Un clin d’œil historique a ensuite lieu grâce au témoignage vidéo d’Anne Merer, professionnelle allemande qui avait participé au transfert pédagogique avec la France. Et un travail d’archives a permis de faire profiter à tout l’auditoire d’une vidéo réalisée pour les 10 ans de D&C, composée de témoignages de volontaires !
Aline est ensuite rejointe par Christophe Bérardi, ancien salarié Léo qui a activement participé au déploiement de D&C en Picardie.
Il se rappelle de l’engouement des volontaires pour le programme et de sa pertinence pour emmener des jeunes vers l’engagement citoyen : « si ça résonne si fort chez les personnes, c’est parce que les outils et méthodes transmises par D&C permettent d’acquérir des connaissances et de structurer un propos plus puissant pour lutter contre les discriminations, sans avoir ce background socioculturel qui permet de se sentir légitime dans les environnements militants. »
Sur l’évolution sociétale depuis 20 ans, l’ancien professionnel Léo estime que les préjugés sont les mêmes, « mais l’intensité du bruit de fonds est différente ». Il évoque une banalisation des idées d’extrême-droite qui rendent encore plus complexes le travail de terrain.
Des témoignages inspirants d’anciens volontaires D&C
Pascal Desclos qui anime la journée interpelle ensuite la salle pour recueillir des témoignages.

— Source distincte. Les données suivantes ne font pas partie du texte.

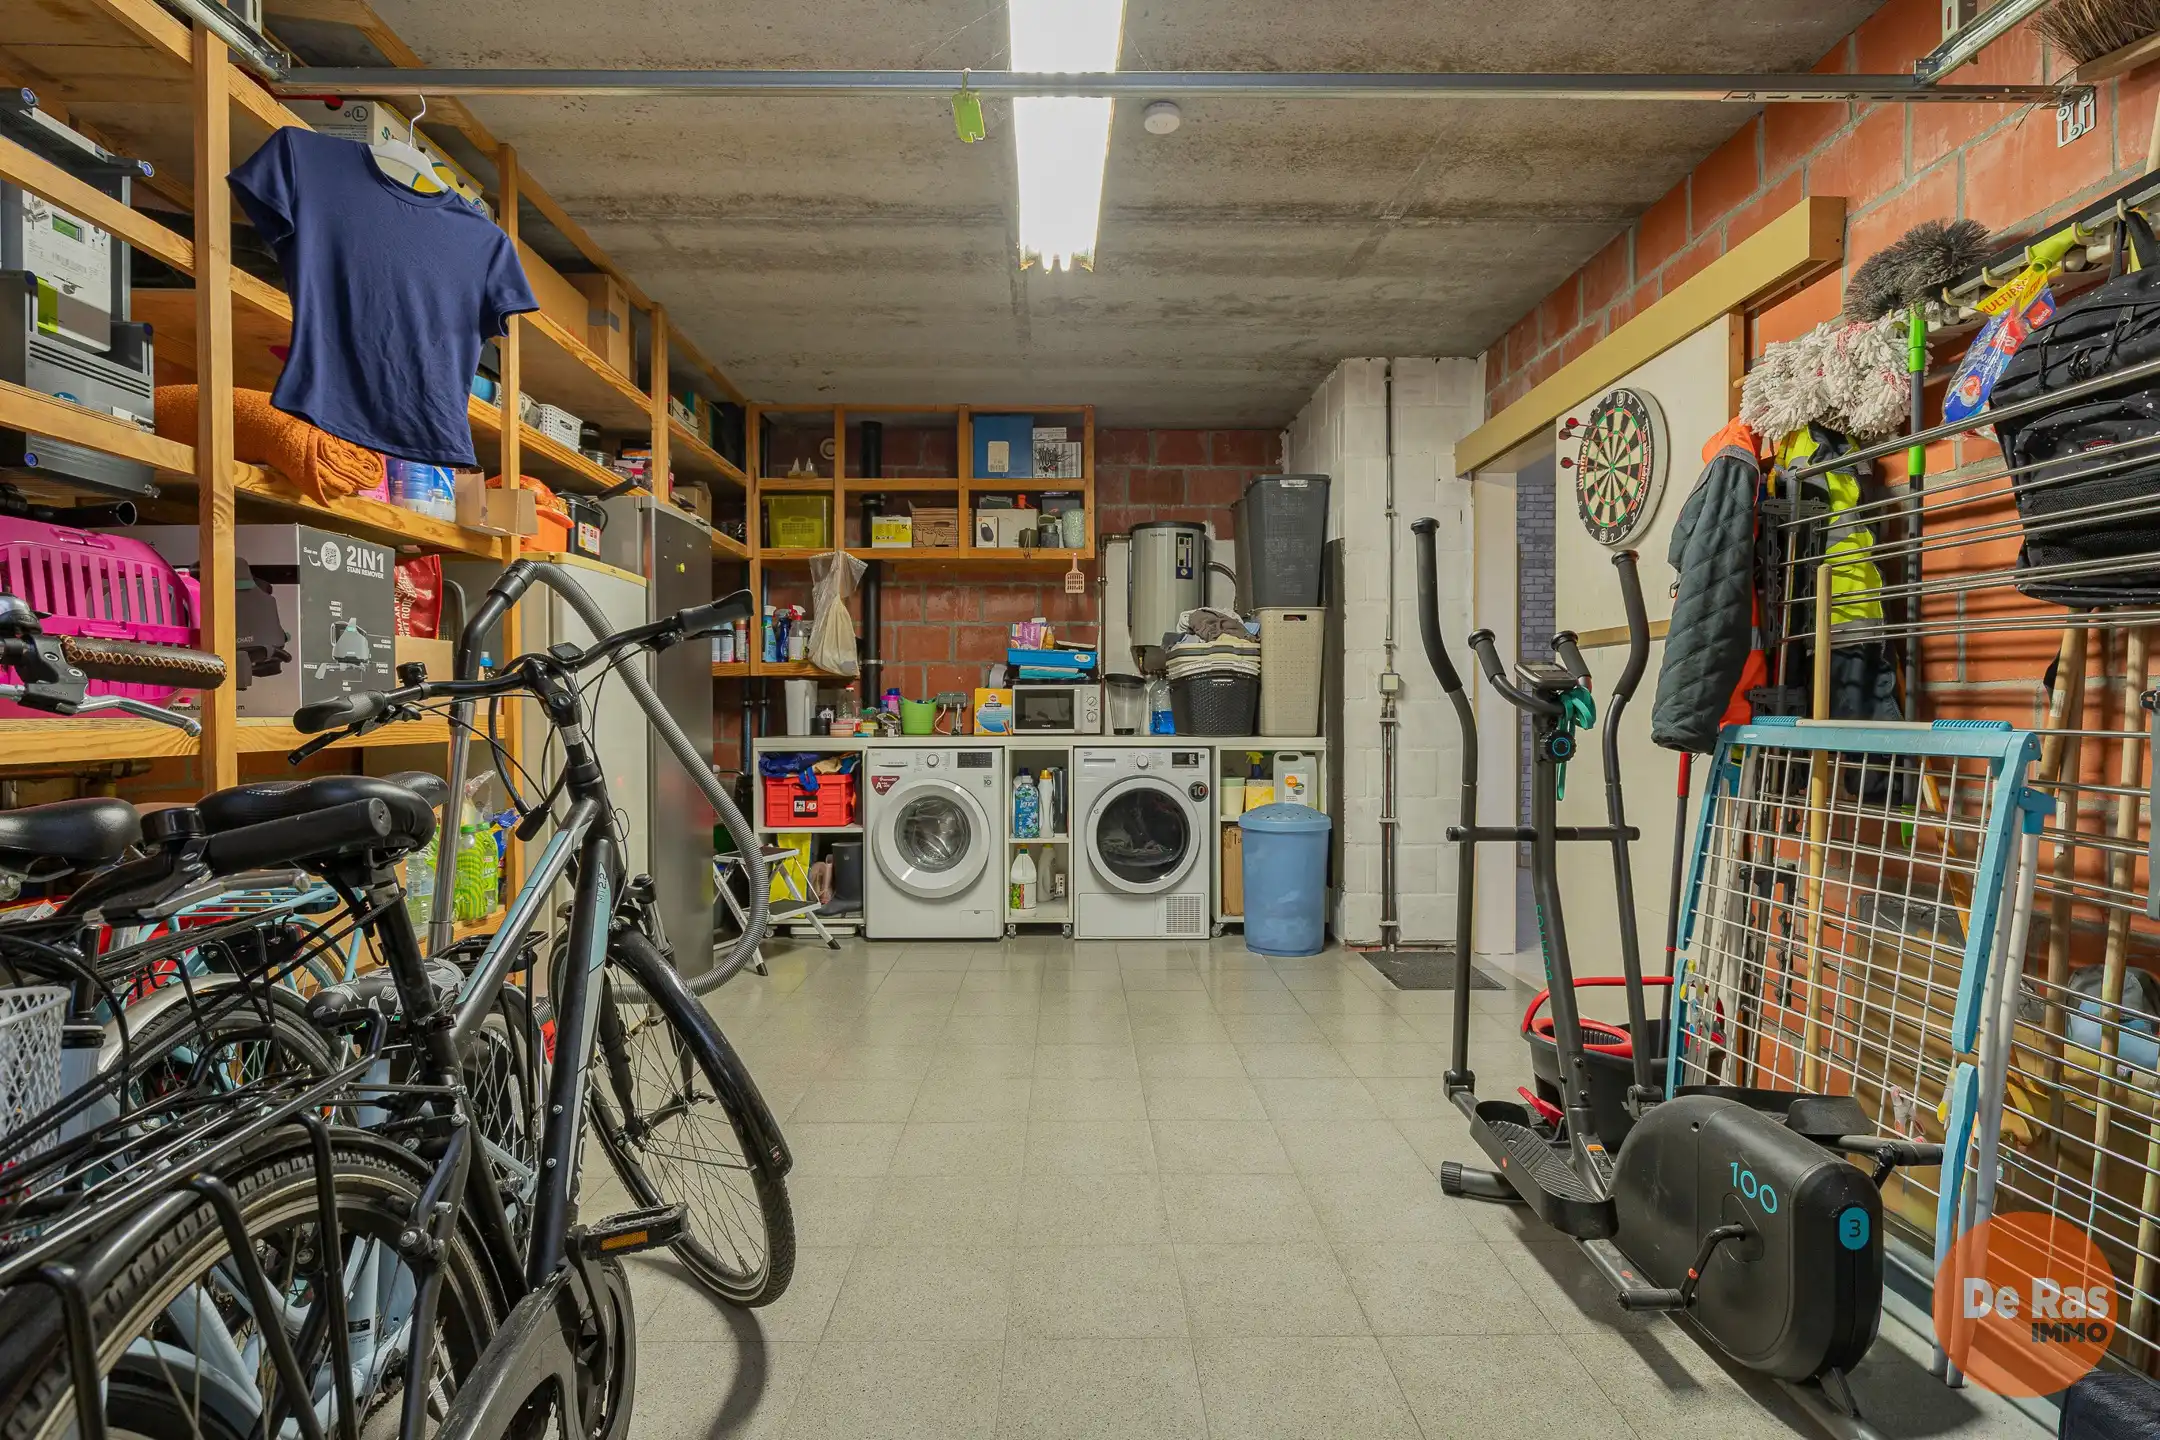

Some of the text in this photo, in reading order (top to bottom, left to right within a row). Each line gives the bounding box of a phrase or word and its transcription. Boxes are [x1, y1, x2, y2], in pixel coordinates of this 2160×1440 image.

[346, 545, 384, 573] 2IN1
[346, 565, 384, 580] STAIN REMOVER
[401, 596, 416, 619] RODE
[1192, 785, 1205, 796] 10
[1730, 1162, 1778, 1214] 100
[1849, 1219, 1861, 1237] 3

Sandra Fergani, directrice régionale Léo Lagrange Nord-Île-de-France, a démarré il y a 20 ans, justement comme volontaire D&C ! Elle se rappelle : « j’étais étudiante, j’avais besoin de me sentir utiles, de partager une pensée. J’ai découvert que je pouvais agir contre les préjugés, être formée pour cela tout en étant payée pour défendre ces idées ! D&C permet de démarrer comme on est, d’avancer, de nourrir le programme avec nos propres apports, notre propre histoire. »
De nombreuses interventions abondent dans ce sens et illustrent l’impact du programme dans les parcours personnels et professionnels. Les volontaires arrivaient avec des convictions, se formaient, et évoluaient ensuite à l’intérieur ou hors du réseau Léo Lagrange, tout en conservant un engagement militant ou embrassant des carrières professionnelles pour l’intérêt général.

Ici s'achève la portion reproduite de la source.